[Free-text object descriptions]

***

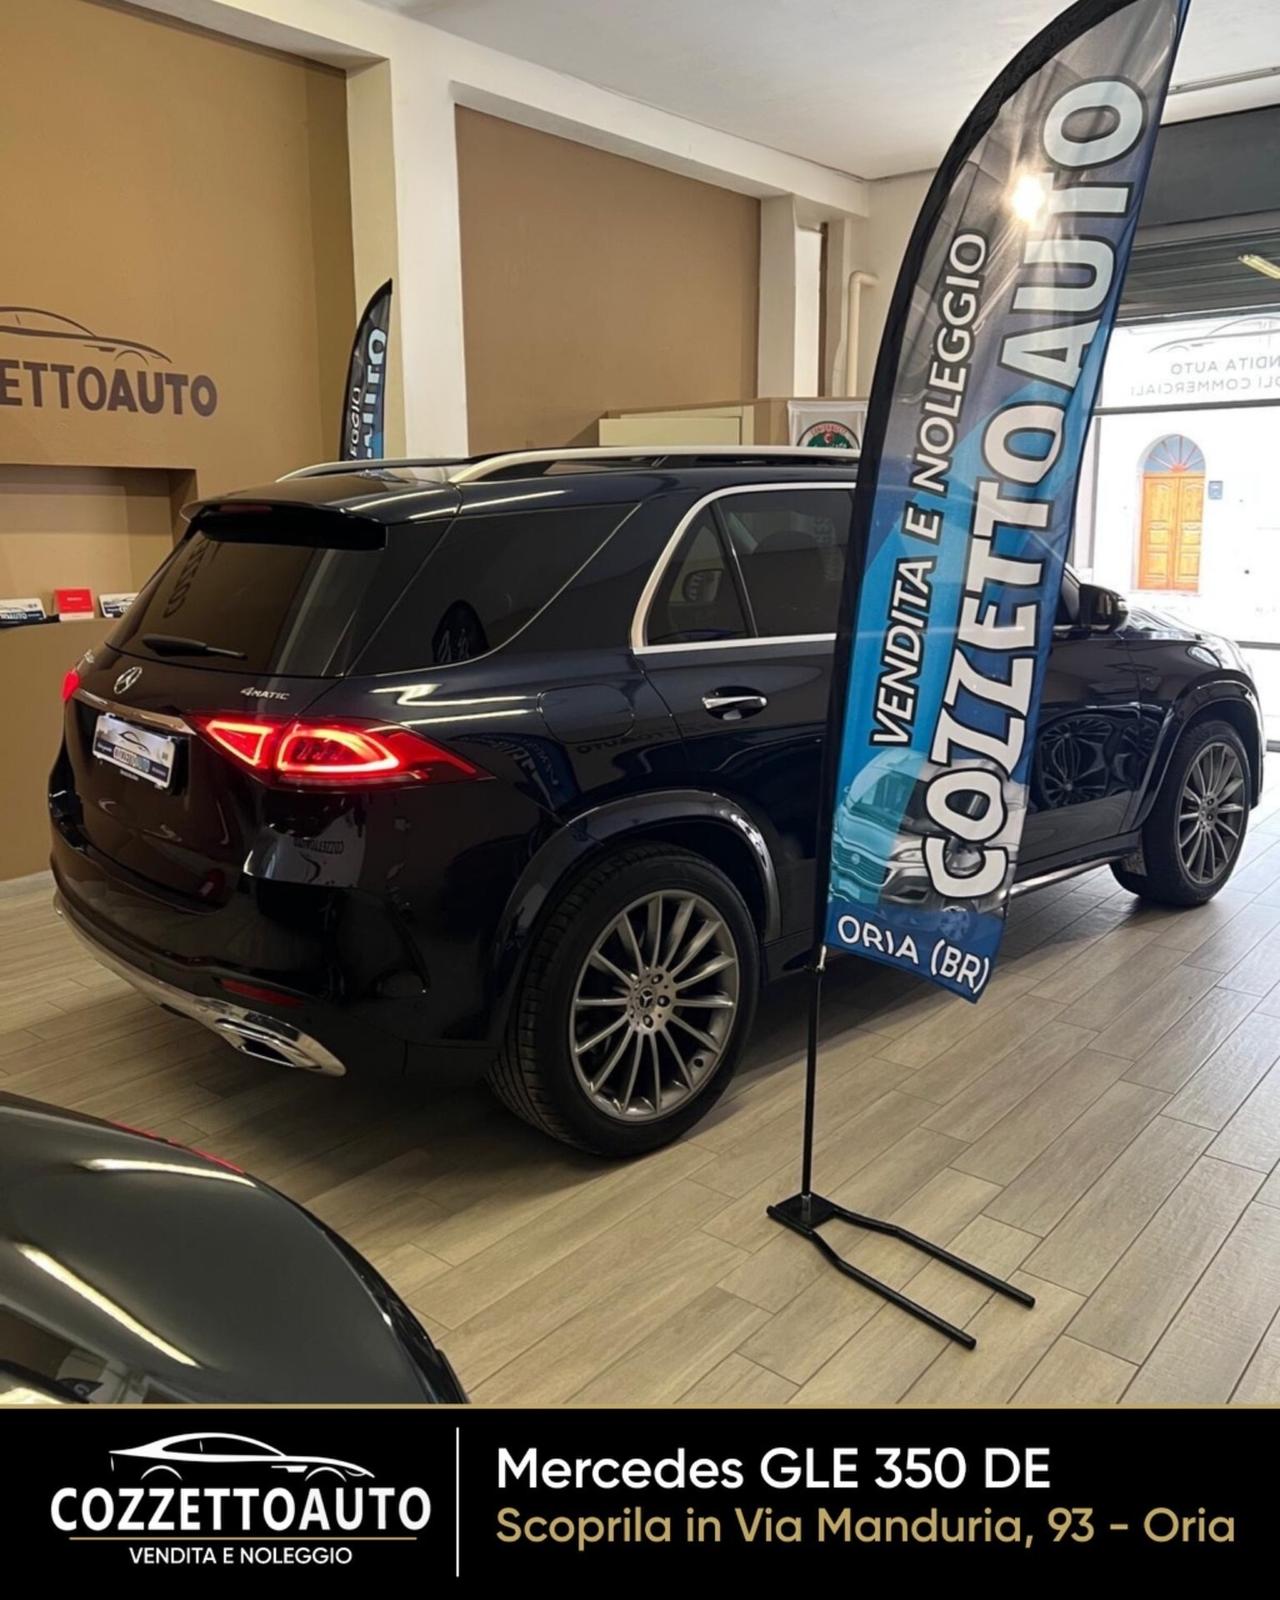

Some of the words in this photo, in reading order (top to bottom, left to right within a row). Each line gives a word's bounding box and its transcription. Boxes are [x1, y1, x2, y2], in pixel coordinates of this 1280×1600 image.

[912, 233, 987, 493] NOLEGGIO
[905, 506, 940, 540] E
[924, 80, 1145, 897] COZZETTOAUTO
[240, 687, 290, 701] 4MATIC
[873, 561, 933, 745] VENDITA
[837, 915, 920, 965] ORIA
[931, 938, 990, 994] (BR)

***

Output a verbatim copy of the entries and skip the pictures.

Some of the words in this photo, in reading order (top to bottom, left to right within a row). Each line gives a word's bounding box and its transcription. Boxes are [x1, y1, x2, y2], in pixel coordinates of this 1280×1600 image.

[912, 233, 987, 493] NOLEGGIO
[905, 506, 940, 540] E
[924, 80, 1145, 897] COZZETTOAUTO
[240, 687, 290, 701] 4MATIC
[873, 561, 933, 745] VENDITA
[837, 915, 920, 965] ORIA
[931, 938, 990, 994] (BR)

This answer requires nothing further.